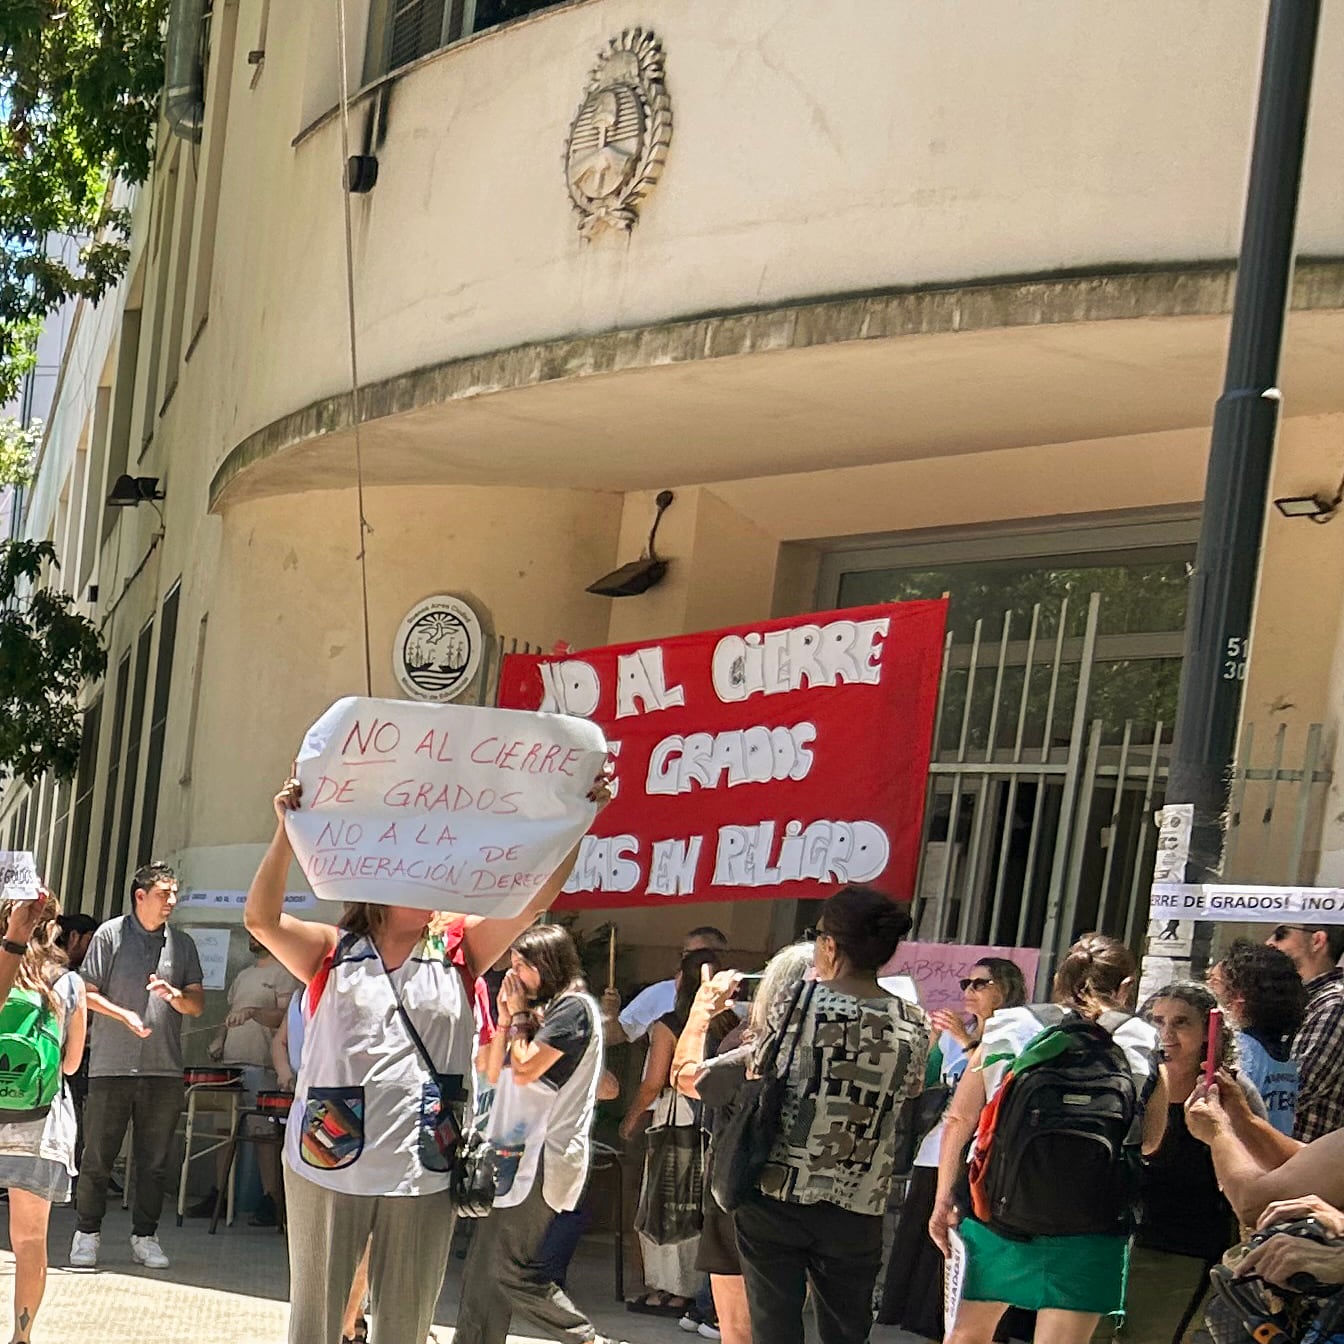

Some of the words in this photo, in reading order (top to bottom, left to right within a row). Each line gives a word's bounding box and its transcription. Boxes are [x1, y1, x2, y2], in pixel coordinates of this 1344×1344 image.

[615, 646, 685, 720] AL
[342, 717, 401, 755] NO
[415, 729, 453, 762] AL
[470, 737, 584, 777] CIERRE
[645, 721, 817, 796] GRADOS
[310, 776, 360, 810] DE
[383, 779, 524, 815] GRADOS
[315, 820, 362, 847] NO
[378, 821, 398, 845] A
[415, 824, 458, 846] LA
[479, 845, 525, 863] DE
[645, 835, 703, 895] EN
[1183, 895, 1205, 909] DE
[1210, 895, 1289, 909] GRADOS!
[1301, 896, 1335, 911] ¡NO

◇ ◇ ◇ ◇

WORK INSTRUCTION ->
Nothing but an exact transcription of the material, without pictures, should be returned.

RESPONSE BELOW ->
Some of the words in this photo, in reading order (top to bottom, left to right within a row). Each line gives a word's bounding box and its transcription. Boxes are [x1, y1, x2, y2], in pixel coordinates of this 1344×1344 image.

[615, 646, 685, 720] AL
[342, 717, 401, 755] NO
[415, 729, 453, 762] AL
[470, 737, 584, 777] CIERRE
[645, 721, 817, 796] GRADOS
[310, 776, 360, 810] DE
[383, 779, 524, 815] GRADOS
[315, 820, 362, 847] NO
[378, 821, 398, 845] A
[415, 824, 458, 846] LA
[479, 845, 525, 863] DE
[645, 835, 703, 895] EN
[1183, 895, 1205, 909] DE
[1210, 895, 1289, 909] GRADOS!
[1301, 896, 1335, 911] ¡NO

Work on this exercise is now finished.